Verso para Memorizar:

“Não pensem que vim abolir a Torah ou os Profetas. Não vim abolir, mas completar. Sim, é verdade! Digo a vocês: até que os céus e a terra passem, nem mesmo um yud ou um traço da Torah passará – não até que todas as coisas que precisam acontecer tenham ocorrido.” Mattityahu/Mateus 5:17 e 18, Bíblia Judaica Completa – BJC.

(Yeshua, diminutivo de Yehoshua, que significa o ‘Eterno’ salvará. O mesmo nome foi transcrito, ao mesmo tempo, como Josué, sucessor de Moshe (Moisés), e como Jesus. Como os chiados e os guturais não existem em grego, Yeshua tornou-se, Iesou, de onde deriva Jesus. Fonte: André Chouraqui, Imago)

QUANDO SE PENSA NO SERMÃO DA MONTANHA, automaticamente se pensa nas “bem-aventuranças” (Mt 5:01 e 12). No entanto, o Sermão da Montanha abrange três capítulos, que foram divididos em quatro seções.

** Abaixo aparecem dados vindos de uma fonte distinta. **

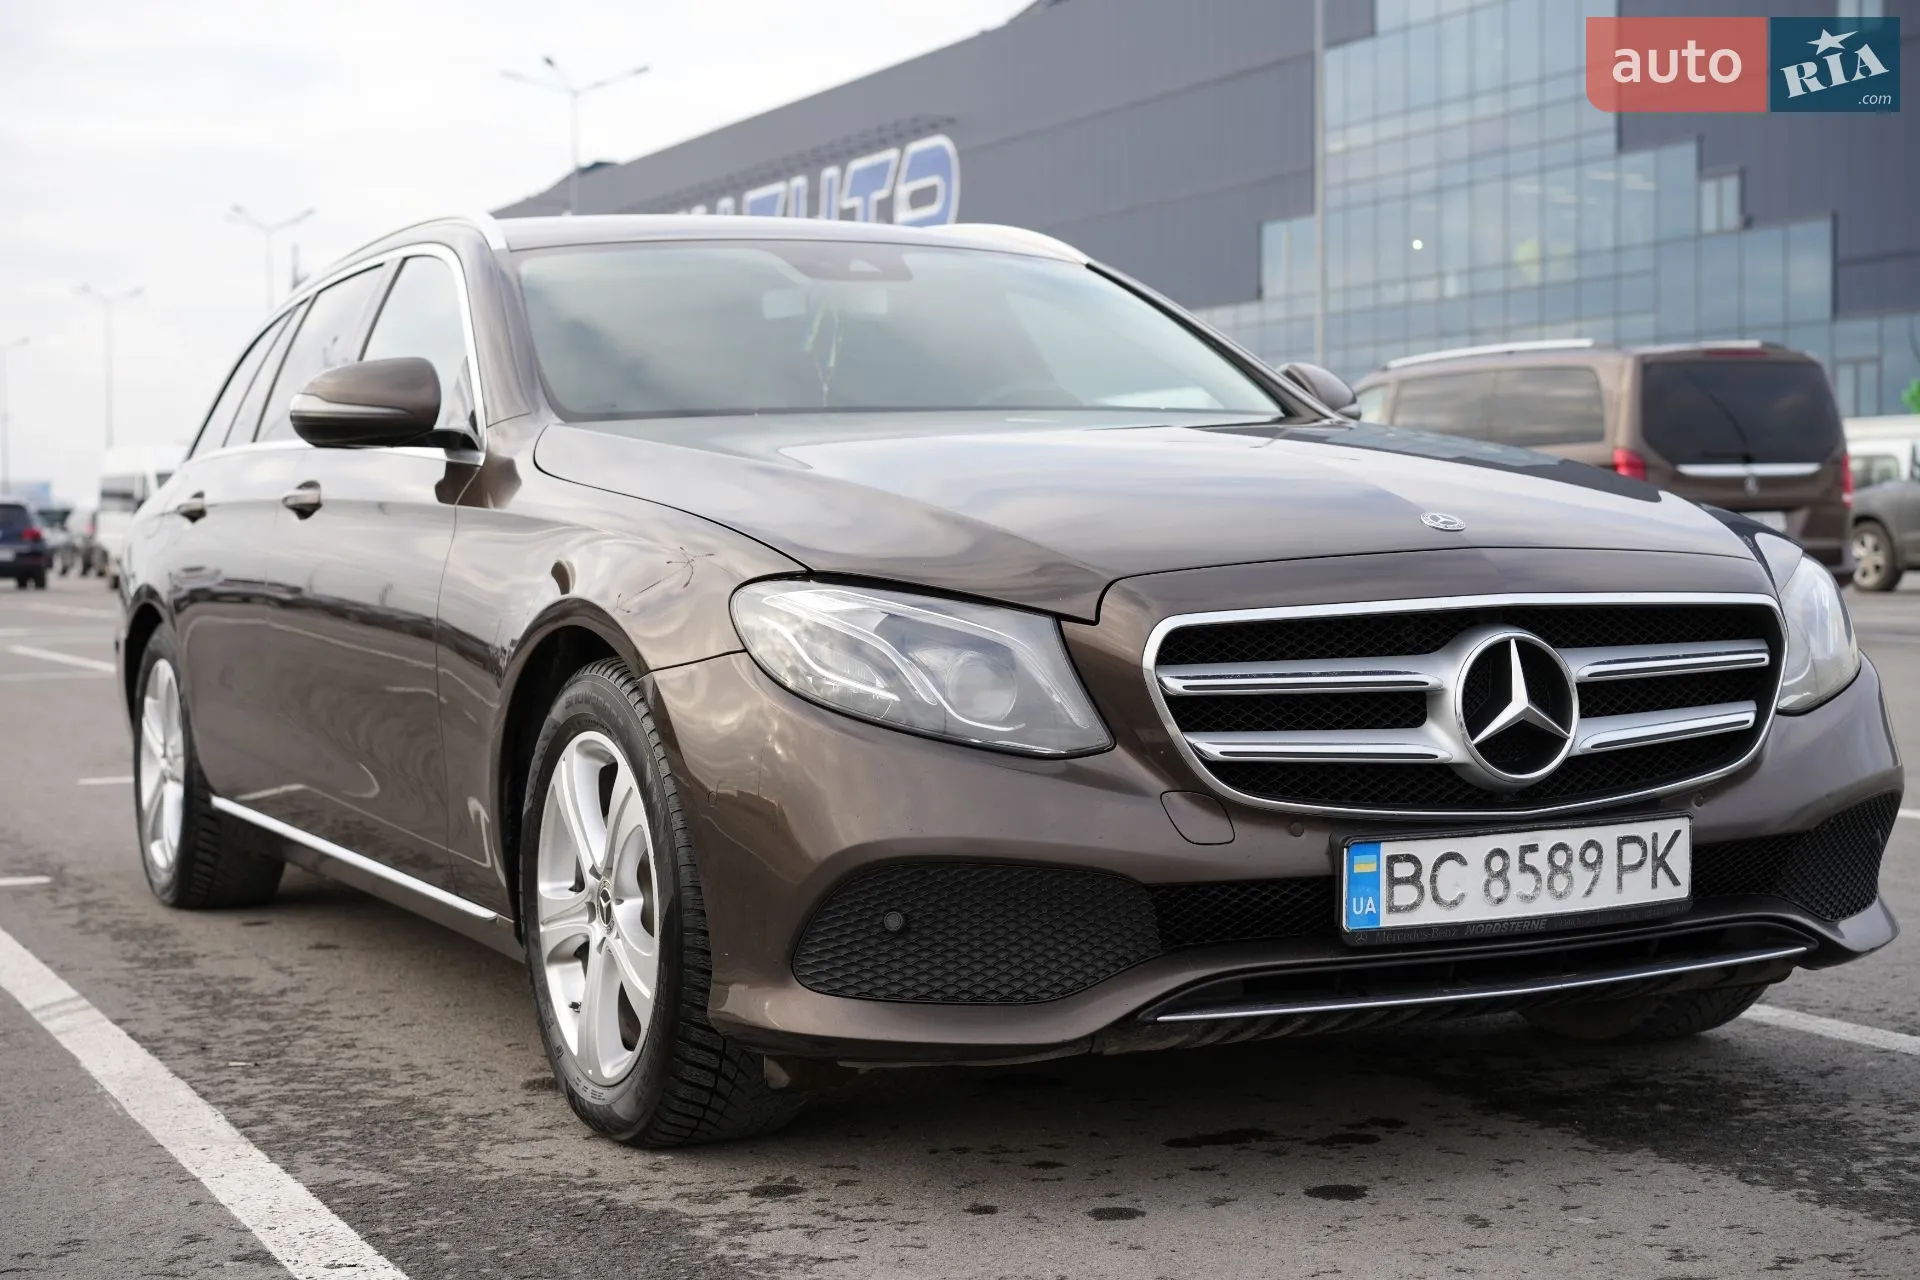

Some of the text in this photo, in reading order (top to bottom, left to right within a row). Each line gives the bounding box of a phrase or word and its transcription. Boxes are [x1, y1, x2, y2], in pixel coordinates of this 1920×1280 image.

[1385, 829, 1682, 915] BC 8589 PK
[1352, 896, 1377, 915] UA
[1464, 918, 1549, 936] NORDSTERNE

As “bem-aventuranças” constituem apenas a primeira seção. Na segunda seção, Yeshua/Jesus compara os crentes à luz e ao sal (Mt05:13-16) na terceira, Mattityahu/Mateus 5:17-48, Yeshua/Jesus nos dá uma nova e mais profunda perspectiva sobre a Torah. A quarta seção é a mais longa, Mat. 06:01 a 07:23, na qual Jesus apresenta um claro ensino sobre o comportamento do crente. O Sermão da Montanha termina com a parábola dos dois construtores, um sábio e outro tolo (Mt 07:24-27), que enfatiza a importância da obediência ao D’us nos chama a fazer.
Nesta semana, examinaremos a terceira seção, Mattityahu/Mateus 05:17-48. (a qual os estudiosos chamam de antíteses (opostos), casos em que fortes contrastes são apresentados), para descobrir o que ela nos ensina sobre a Torah.

Jesus e os discipulos
Domingo

Nem um yud ou um traço da Torah (Mat. 05:17-20)

Leia de novo Mattityahu/Mateus 5:17-20. Que lição importante essa passagem ensina sobre a verdadeira obediência a Torah? O que Jesus/Yeshua sugeriu sobre a atitude dos fariseus em relação à Torah?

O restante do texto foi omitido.